▸ **Task objective**
Pictures are to be omitted, and every entry below is to be restated exactly.

[Free-text object descriptions]

★ ★ ★ ★

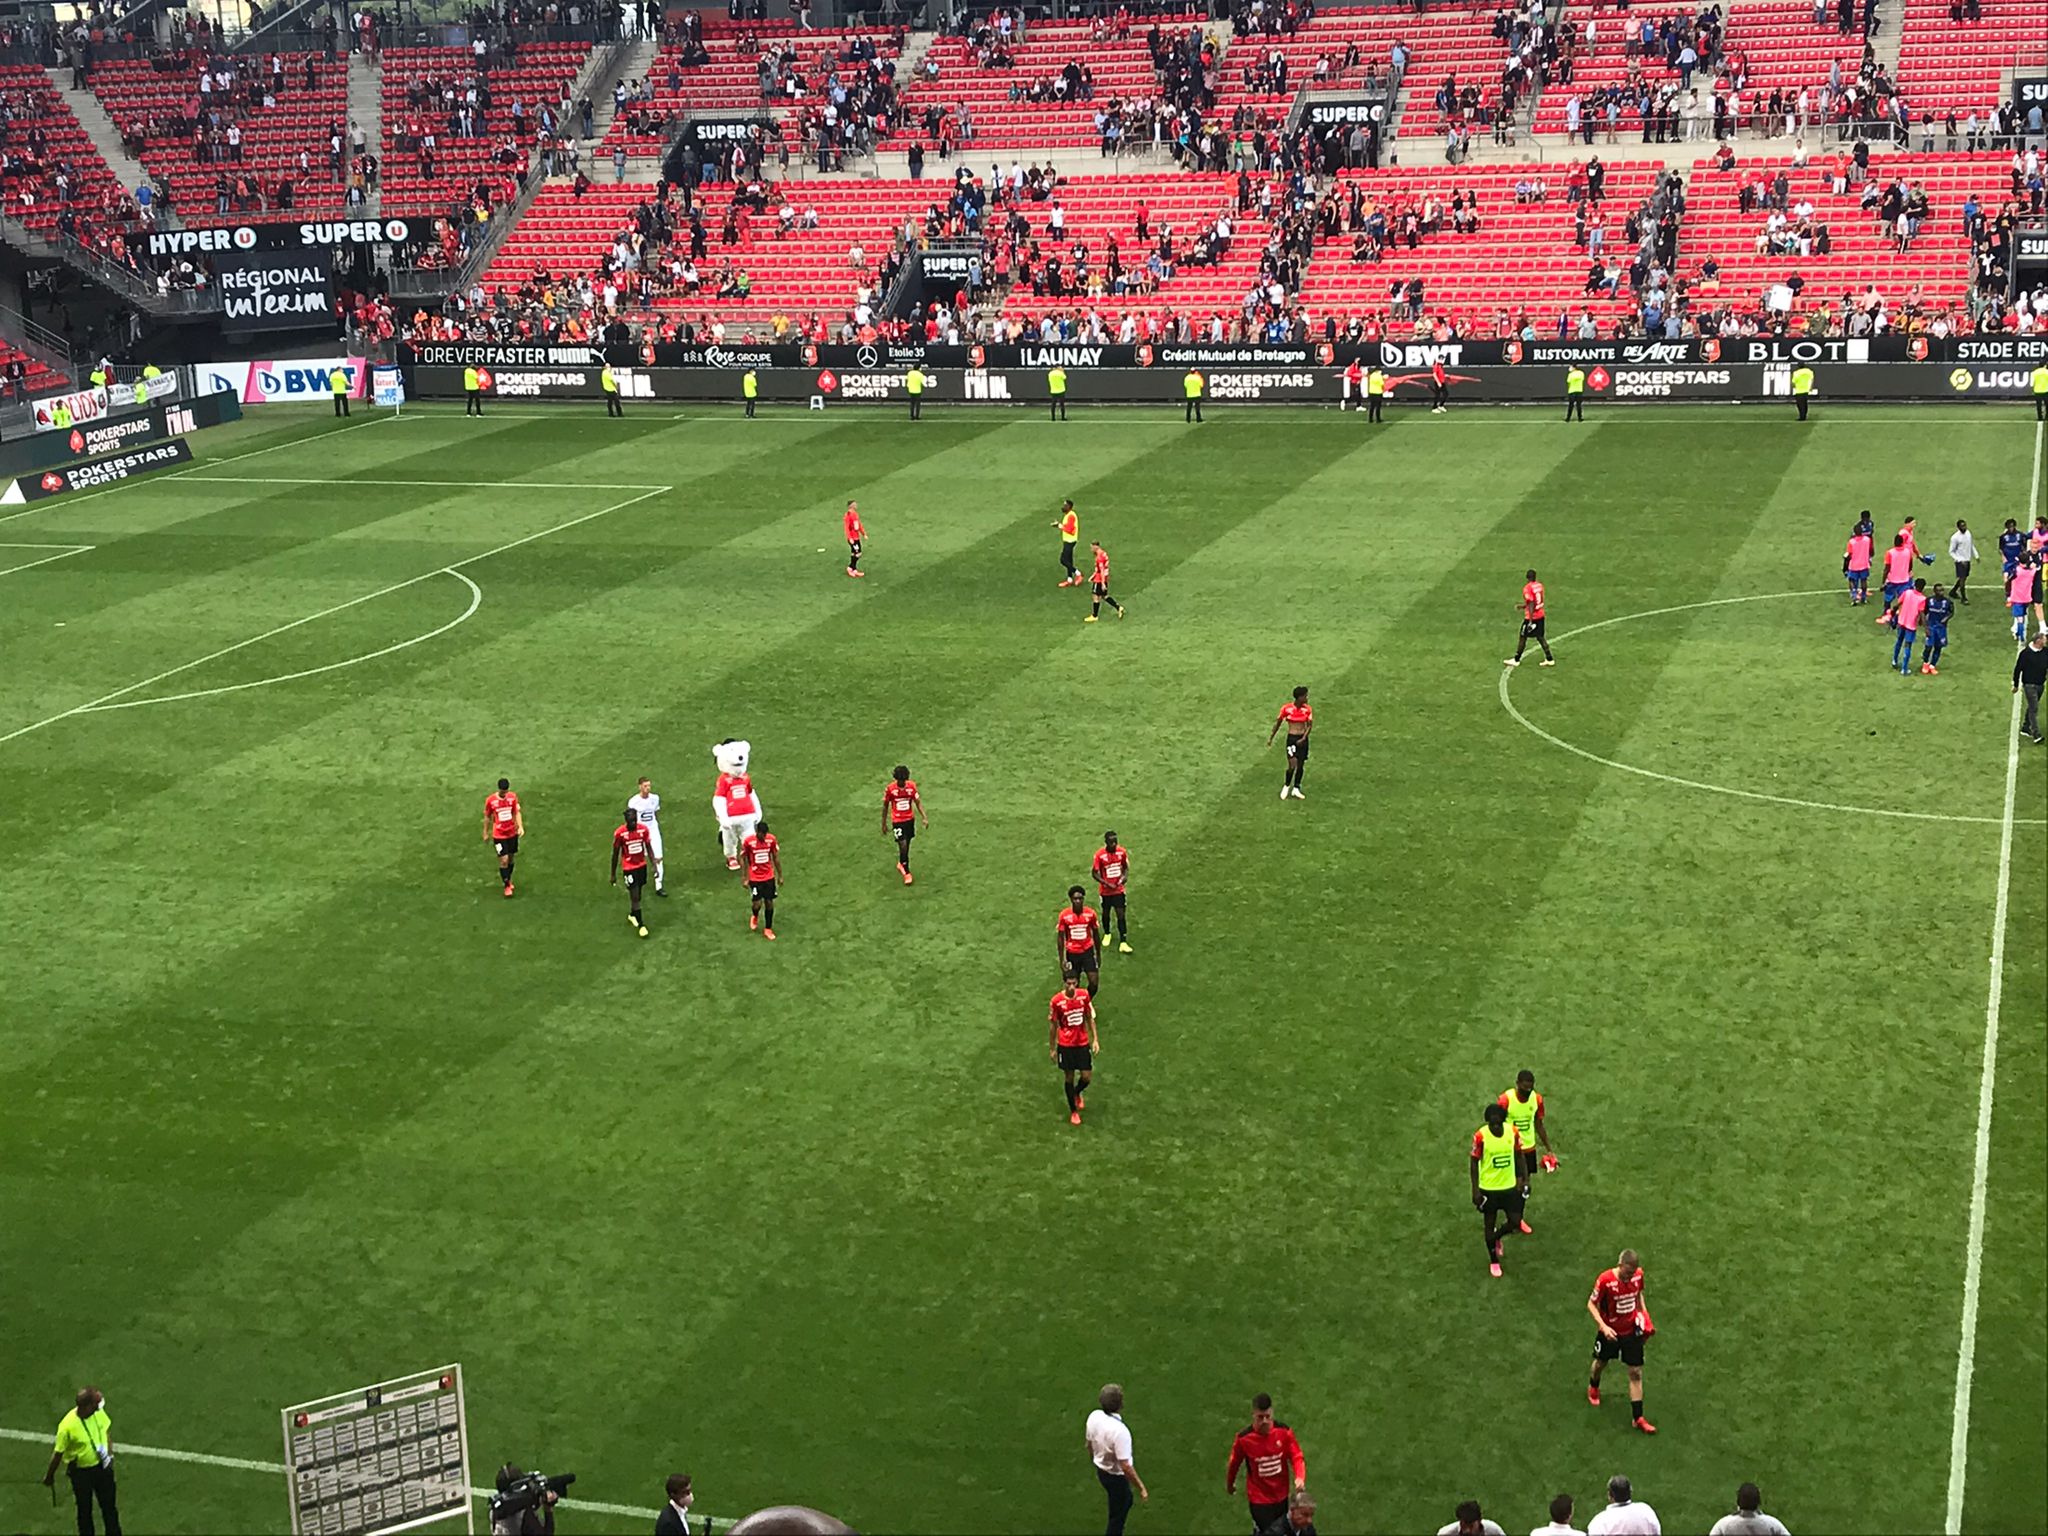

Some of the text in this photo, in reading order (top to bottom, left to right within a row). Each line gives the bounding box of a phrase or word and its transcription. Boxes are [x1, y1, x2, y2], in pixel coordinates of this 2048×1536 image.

[1312, 106, 1369, 123] SUPER
[696, 124, 747, 139] SUPER
[300, 221, 382, 245] SUPER
[150, 229, 231, 255] HYPER
[2021, 239, 2048, 254] SU
[923, 257, 967, 271] SUPER
[222, 265, 326, 289] RÉGIONAL
[224, 282, 328, 319] interim
[737, 352, 772, 362] GROUPE
[1162, 349, 1306, 364] Crédit Mutuel de Bretagne
[1405, 344, 1463, 366] BWT
[1533, 348, 1616, 361] RISTORANTE
[1748, 341, 1846, 361] BLOT
[1957, 341, 2014, 358] STADE
[495, 372, 586, 386] POKERSTARS
[841, 374, 937, 388] POKERSTRS
[1209, 374, 1314, 388] POKERSTARS
[1615, 370, 1730, 384] POKERSTARS
[496, 385, 541, 396] SPORTS
[841, 387, 889, 398] SPORTS
[1209, 387, 1260, 398] SPORTS
[1615, 384, 1671, 396] SPORTS
[85, 417, 150, 444] POKERSTARS
[87, 439, 121, 455] SPORTS
[66, 445, 179, 482] POKERSTARS
[70, 469, 128, 491] SPORTS
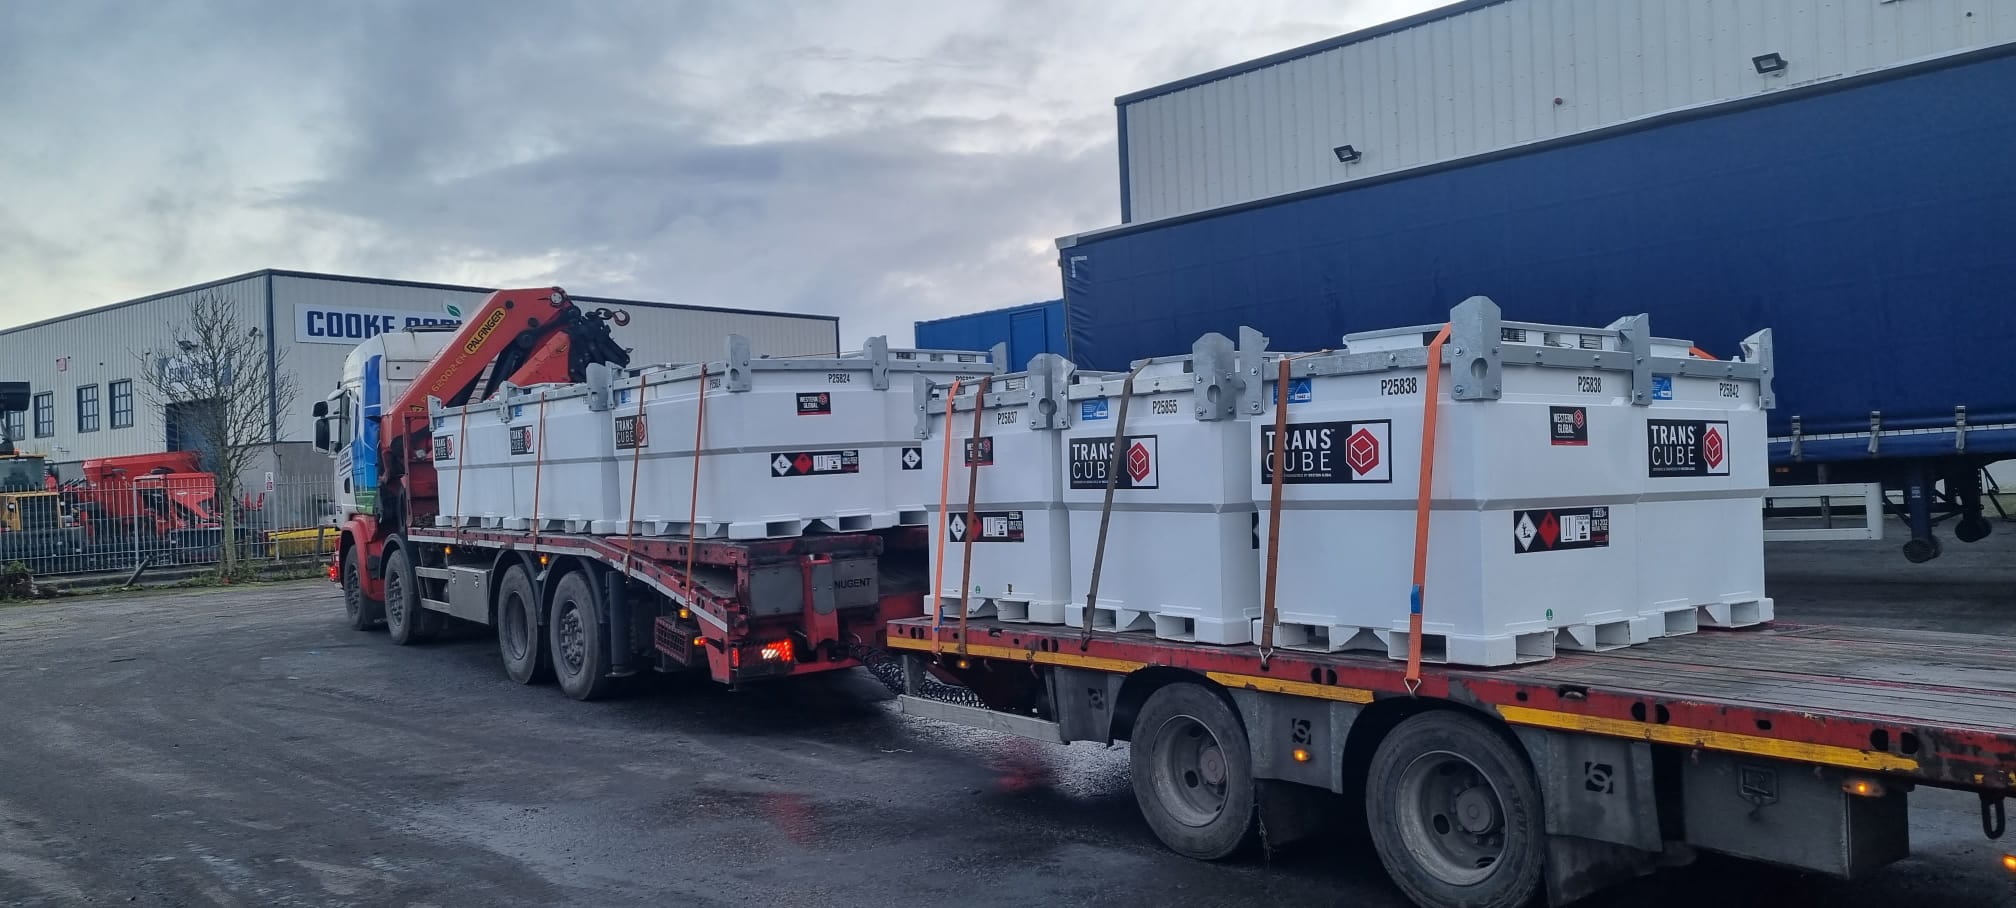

★ ★ ★ ★

▸ **Output for this task**
Some of the text in this photo, in reading order (top to bottom, left to right within a row). Each line gives the bounding box of a phrase or word and its transcription. Boxes are [x1, y1, x2, y2], in pixel coordinates of this 2048×1536 image.

[1312, 106, 1369, 123] SUPER
[696, 124, 747, 139] SUPER
[300, 221, 382, 245] SUPER
[150, 229, 231, 255] HYPER
[2021, 239, 2048, 254] SU
[923, 257, 967, 271] SUPER
[222, 265, 326, 289] RÉGIONAL
[224, 282, 328, 319] interim
[737, 352, 772, 362] GROUPE
[1162, 349, 1306, 364] Crédit Mutuel de Bretagne
[1405, 344, 1463, 366] BWT
[1533, 348, 1616, 361] RISTORANTE
[1748, 341, 1846, 361] BLOT
[1957, 341, 2014, 358] STADE
[495, 372, 586, 386] POKERSTARS
[841, 374, 937, 388] POKERSTRS
[1209, 374, 1314, 388] POKERSTARS
[1615, 370, 1730, 384] POKERSTARS
[496, 385, 541, 396] SPORTS
[841, 387, 889, 398] SPORTS
[1209, 387, 1260, 398] SPORTS
[1615, 384, 1671, 396] SPORTS
[85, 417, 150, 444] POKERSTARS
[87, 439, 121, 455] SPORTS
[66, 445, 179, 482] POKERSTARS
[70, 469, 128, 491] SPORTS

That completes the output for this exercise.